_What the exercise asks_.
Copy each record below faithfully, leaving out images.

_Supplied records_.

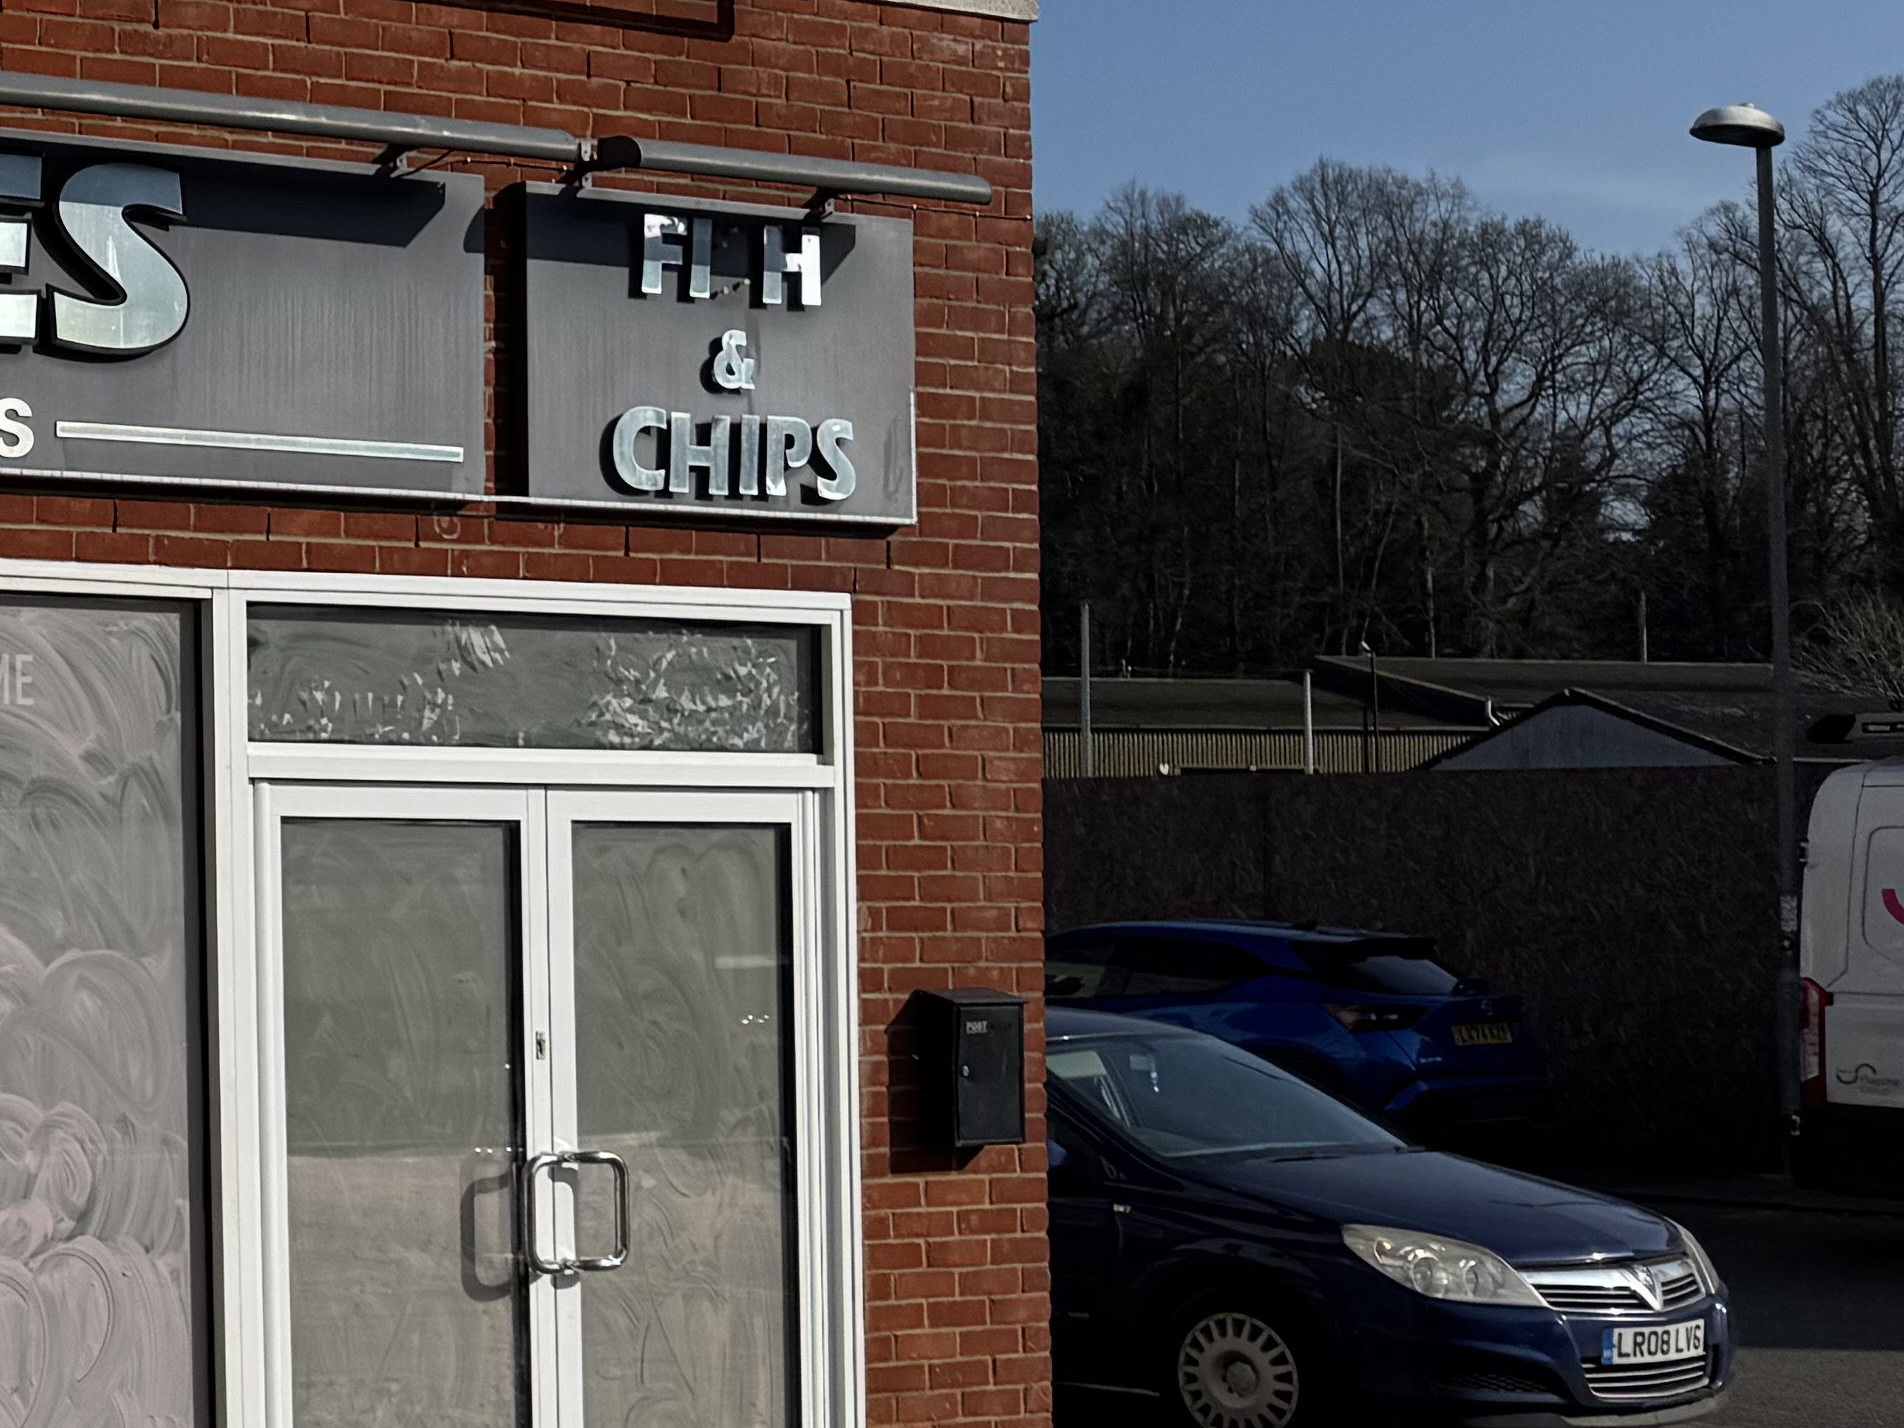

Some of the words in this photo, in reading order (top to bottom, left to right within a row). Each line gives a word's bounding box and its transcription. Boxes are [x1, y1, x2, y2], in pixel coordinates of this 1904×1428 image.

[641, 213, 822, 306] FIH
[713, 329, 756, 390] &
[612, 405, 857, 501] CHIPS
[1617, 1329, 1671, 1359] LR08

_Answer space_.
Some of the words in this photo, in reading order (top to bottom, left to right within a row). Each line gives a word's bounding box and its transcription. Boxes are [x1, y1, x2, y2], in pixel coordinates of this 1904×1428 image.

[641, 213, 822, 306] FIH
[713, 329, 756, 390] &
[612, 405, 857, 501] CHIPS
[1617, 1329, 1671, 1359] LR08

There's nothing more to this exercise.